▶ YOUR OBJECTIVE: Leave the pictures out and return every line below exactly.

BEGIN INPUT

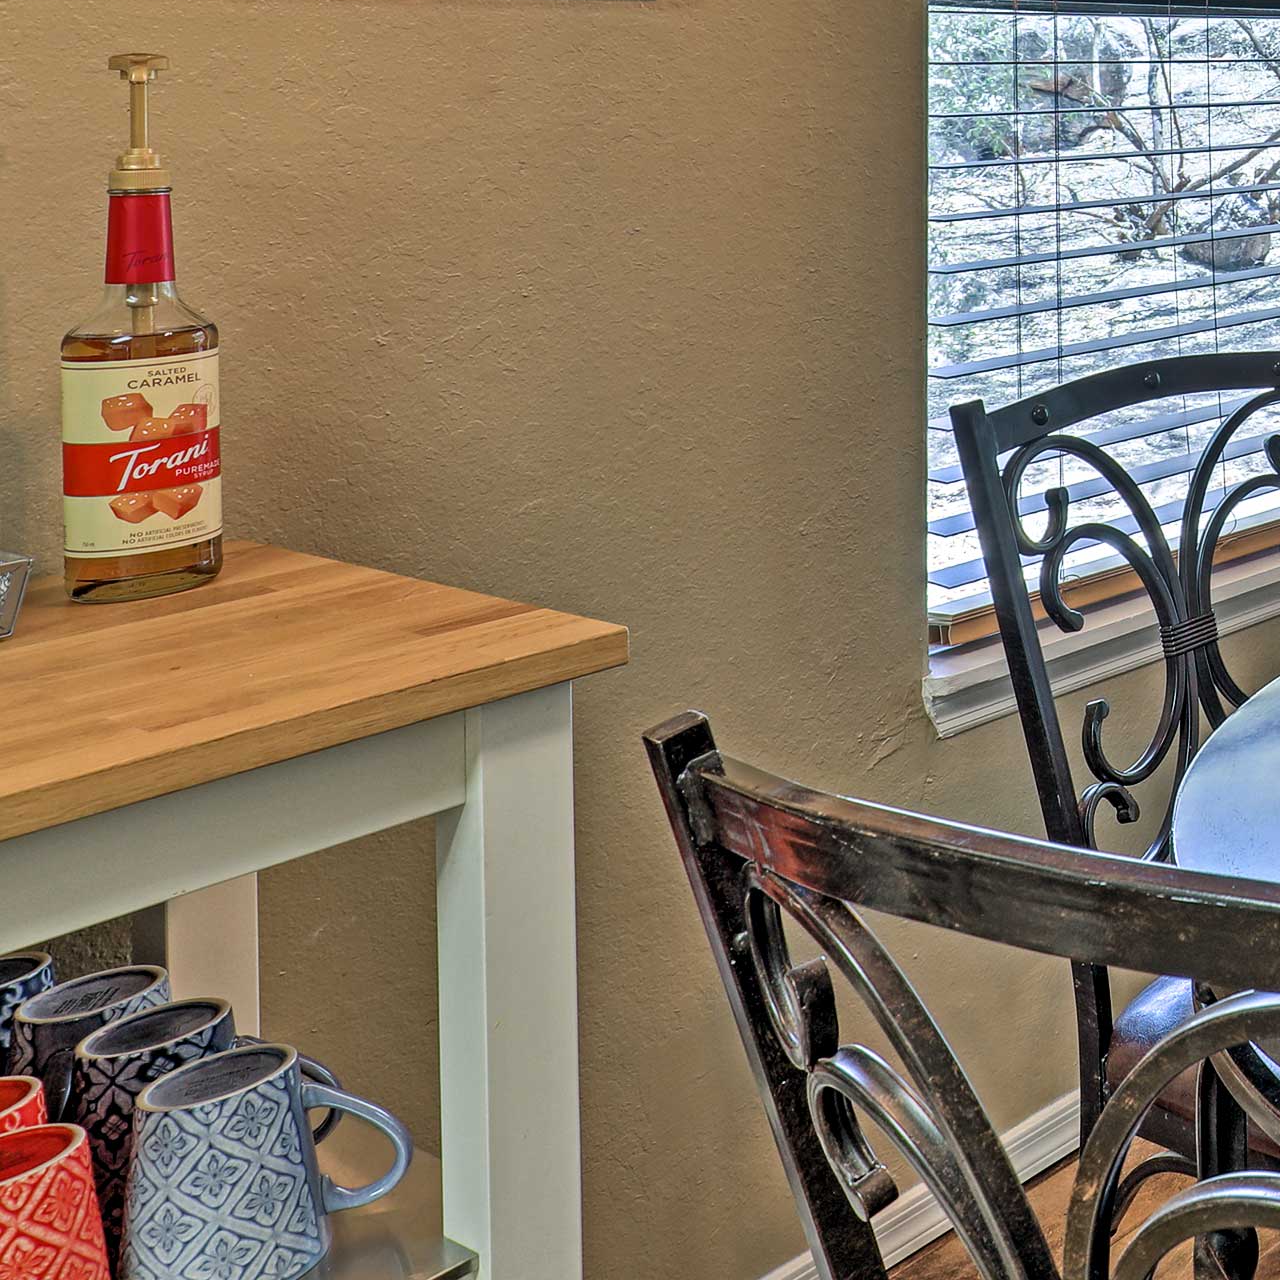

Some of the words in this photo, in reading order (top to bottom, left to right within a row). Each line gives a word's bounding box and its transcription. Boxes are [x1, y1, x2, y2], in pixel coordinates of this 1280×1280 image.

[127, 372, 201, 390] CARAMEL
[147, 367, 186, 377] SALTED
[109, 433, 209, 491] Torani
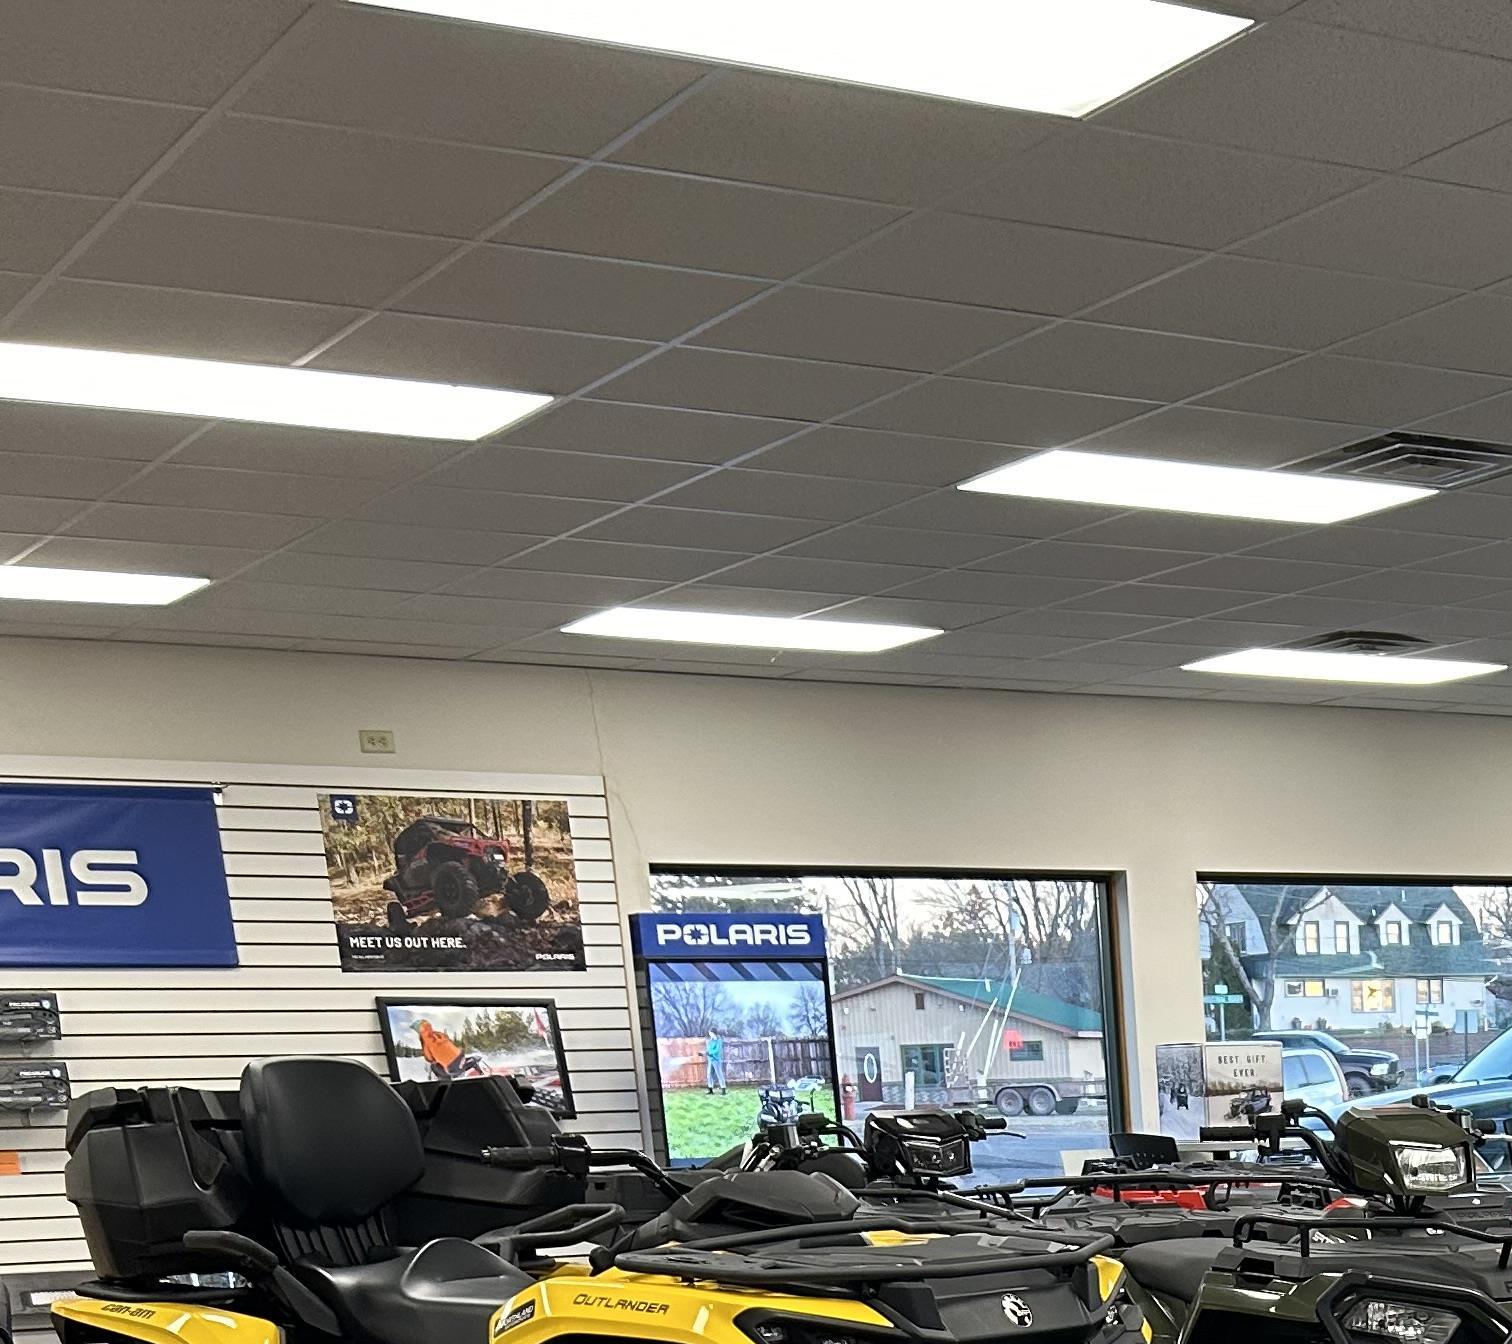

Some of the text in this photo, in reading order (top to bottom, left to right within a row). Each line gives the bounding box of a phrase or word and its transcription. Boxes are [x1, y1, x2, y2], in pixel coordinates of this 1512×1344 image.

[350, 937, 467, 948] MEET US OUT HERE.
[656, 924, 811, 945] POLARIS
[1217, 1055, 1240, 1065] BEST
[101, 1303, 155, 1319] can-am
[573, 1294, 670, 1316] OUTLANDER
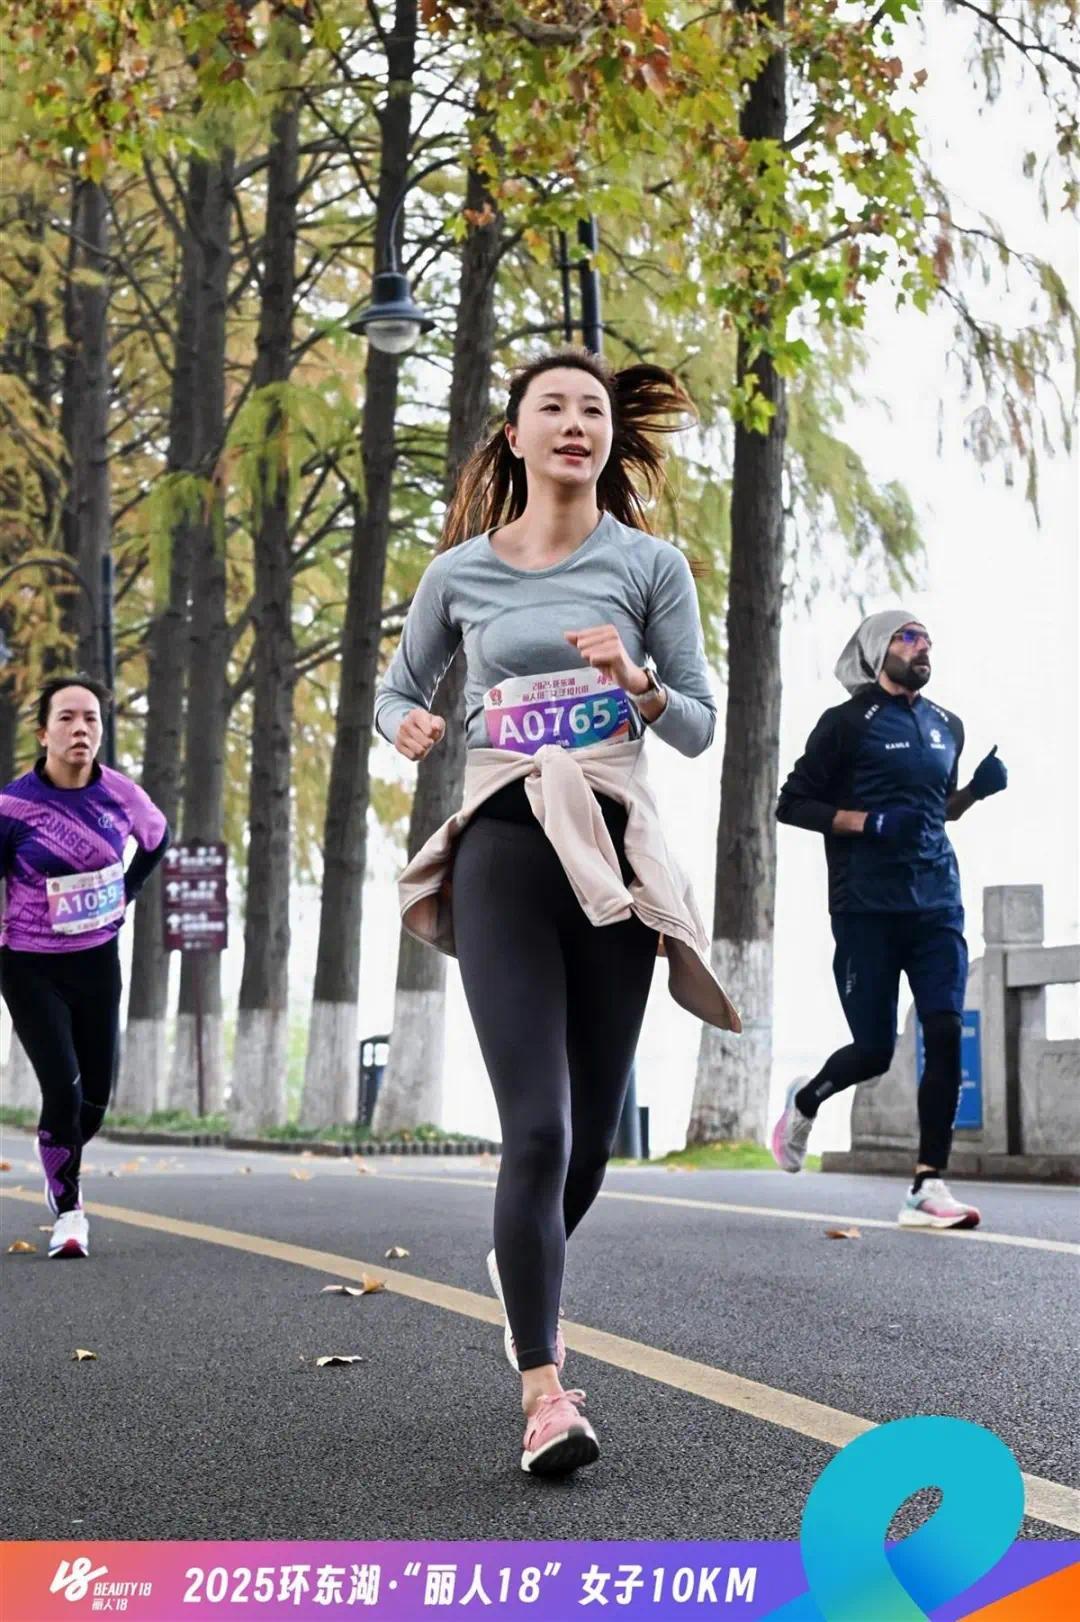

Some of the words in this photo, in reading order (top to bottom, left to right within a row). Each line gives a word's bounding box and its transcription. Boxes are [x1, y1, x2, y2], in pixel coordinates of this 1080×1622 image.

[499, 699, 611, 746] A0765
[35, 812, 100, 861] SUNSET
[55, 886, 118, 917] A1059
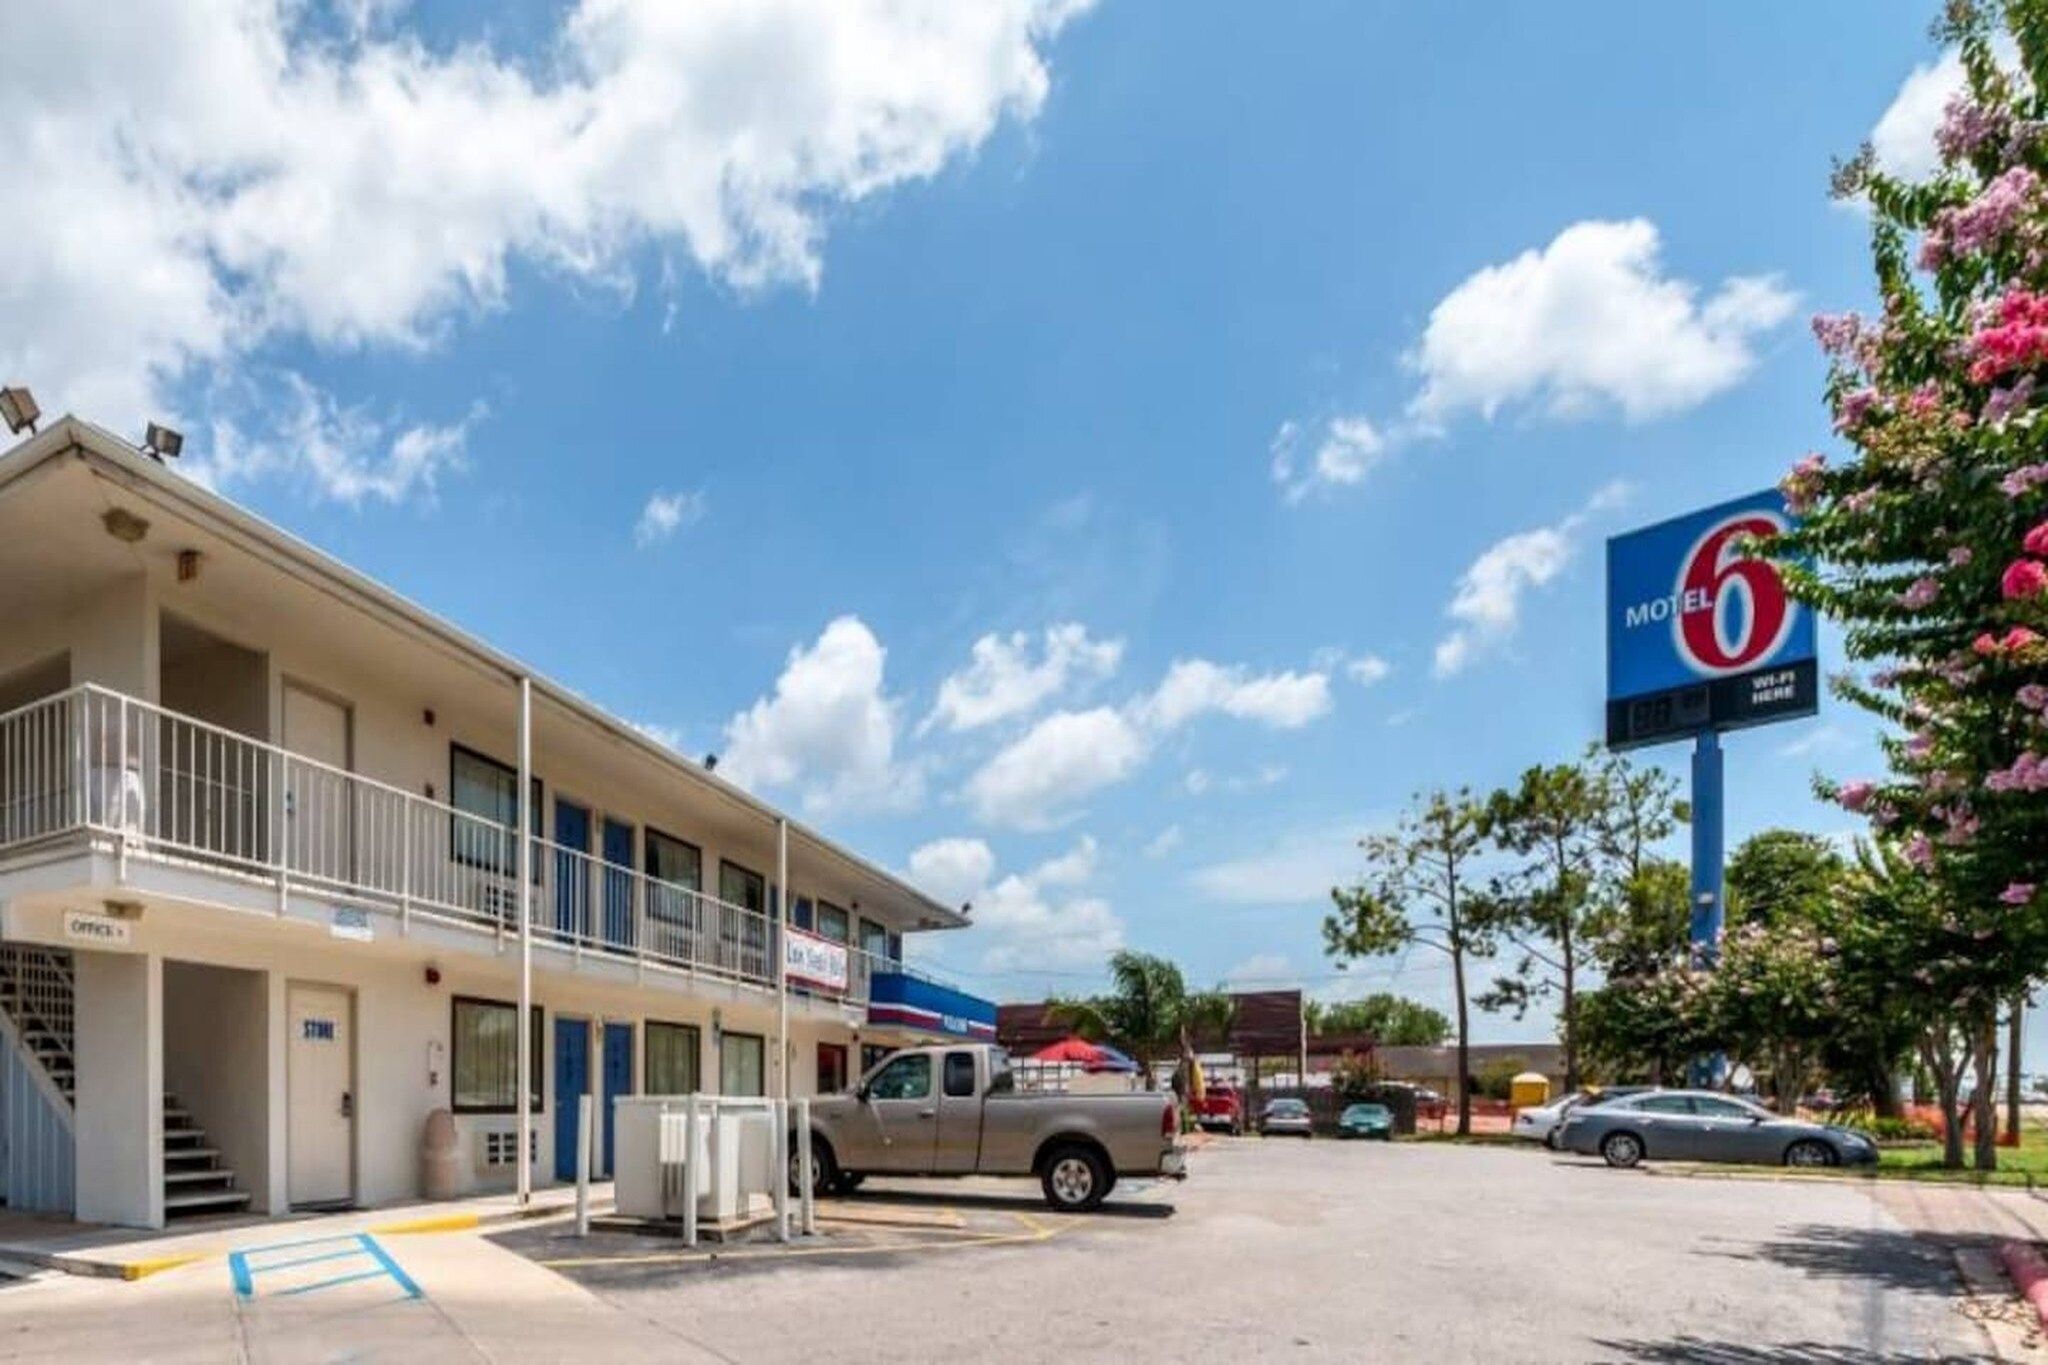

END INPUT

▶ EXERCISE RESULT:
Some of the words in this photo, in reading order (top to bottom, left to right within a row). Each line gives a word's bounding box and its transcription. Boxes are [x1, y1, x2, y2], in pixel coordinates of this 1280×1280 image.

[127, 372, 201, 390] CARAMEL
[147, 367, 186, 377] SALTED
[109, 433, 209, 491] Torani

Some of the text in this photo, in reading order (top to bottom, left to right within a row). Each line gives the bounding box of a phrase or word and its transcription. Boxes are [x1, y1, x2, y2], in pixel coordinates of this 1512×1344 image.

[350, 937, 467, 948] MEET US OUT HERE.
[656, 924, 811, 945] POLARIS
[1217, 1055, 1240, 1065] BEST
[101, 1303, 155, 1319] can-am
[573, 1294, 670, 1316] OUTLANDER

Some of the words in this photo, in reading order (top to bottom, left to right within a row). Each line gives a word's bounding box and its transcription. Boxes are [x1, y1, x2, y2], in pixel coordinates of this 1080×1622 image.

[499, 699, 611, 746] A0765
[35, 812, 100, 861] SUNSET
[55, 886, 118, 917] A1059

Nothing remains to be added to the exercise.